Senator Sanders' closing statement was: "we are likely to need to expand protections for workers in a number of ways, including adding coverage of both the Fair Labor Standards Act and the National Labor Relations Act to agricultural workers... Finally, we need to make sure that slavery, servitude, and other abuses in the Florida tomato industry continue to receive the attention--both in and outside of Congress--they deserve, with the goal of ending this abomination. Needless to say, slavery is not something which should exist in America in 2008, and needless to say, the horrendous wage and working conditions that exist in that industry need to be significantly improved."

On September 25, 2012, former President Barack Obama signed Executive Order 13627, Strengthening Protections Against Trafficking in Persons in Federal Contracts. This order prohibited federal contractors from confiscating or destroying worker documents, charging recruitment fees, and other fraudulent recruitment practices. It also mandated they create and maintain compliance plans that raise employee awareness and allow the reporting of violations without fear of retaliation.

==CIW position==

On April 14, 2007, the CIW posted an article titled, "A Brief Reflection on the Evans Conviction...". Here they talked about the case within the context of the CIW's broader anti-slavery campaign. They said the case was just the latest in what seemed to be unending abuses on Florida farms. To the CIW, the abuses were an "unconscionable exploitation" that took place on a former FFVA chairman's farm. This indicates to them and to Judge Moore, who presided over another Florida slavery case, that those at the top of the industry are complicit in these crimes. The post goes on to talk about McDonald's past decision to partner with growers rather than join the CIW's Fair Food Program, and the need for reform within the wider fast-food industry. They suggest that any effective change in the fields must include the workers every step of the way while protecting them from retaliation.

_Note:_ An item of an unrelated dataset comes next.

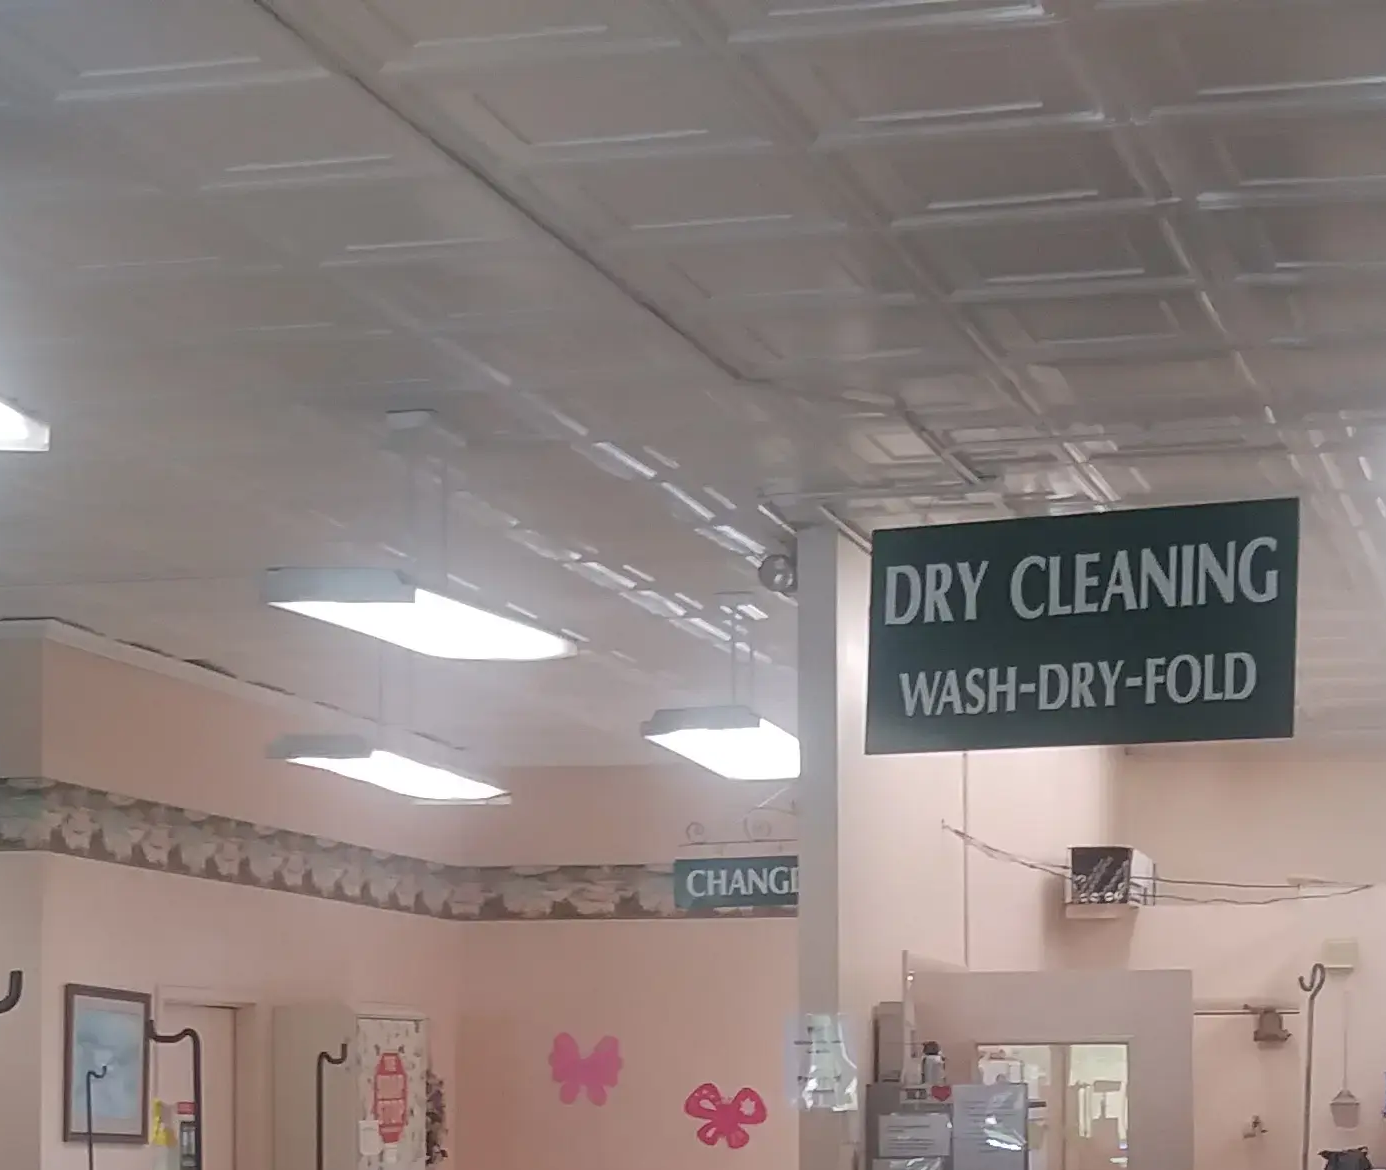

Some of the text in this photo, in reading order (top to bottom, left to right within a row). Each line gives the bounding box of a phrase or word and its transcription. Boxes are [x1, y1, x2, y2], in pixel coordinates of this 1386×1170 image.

[883, 535, 1280, 627] DRY CLEANING
[899, 651, 1258, 718] WASH-DRY-FOLD

== Florida Tomato Growers response ==

Reggie Brown, Executive VP of the Florida Tomato Growers Exchange, represented them during Senate Hearing 110–889. Brown said he was there to "state the facts, which stand in stark contrast to CIW's charges". In reference to the CIW's Fair Food Program, Brown said that some producers' refusal to participate were backed by "sound business reasons and legal reasons". Regarding the CIW's allegations of slavery, abuse, and more, Brown stated that these are all crimes under laws that their growers comply with and that they "abhor and condemn slavery".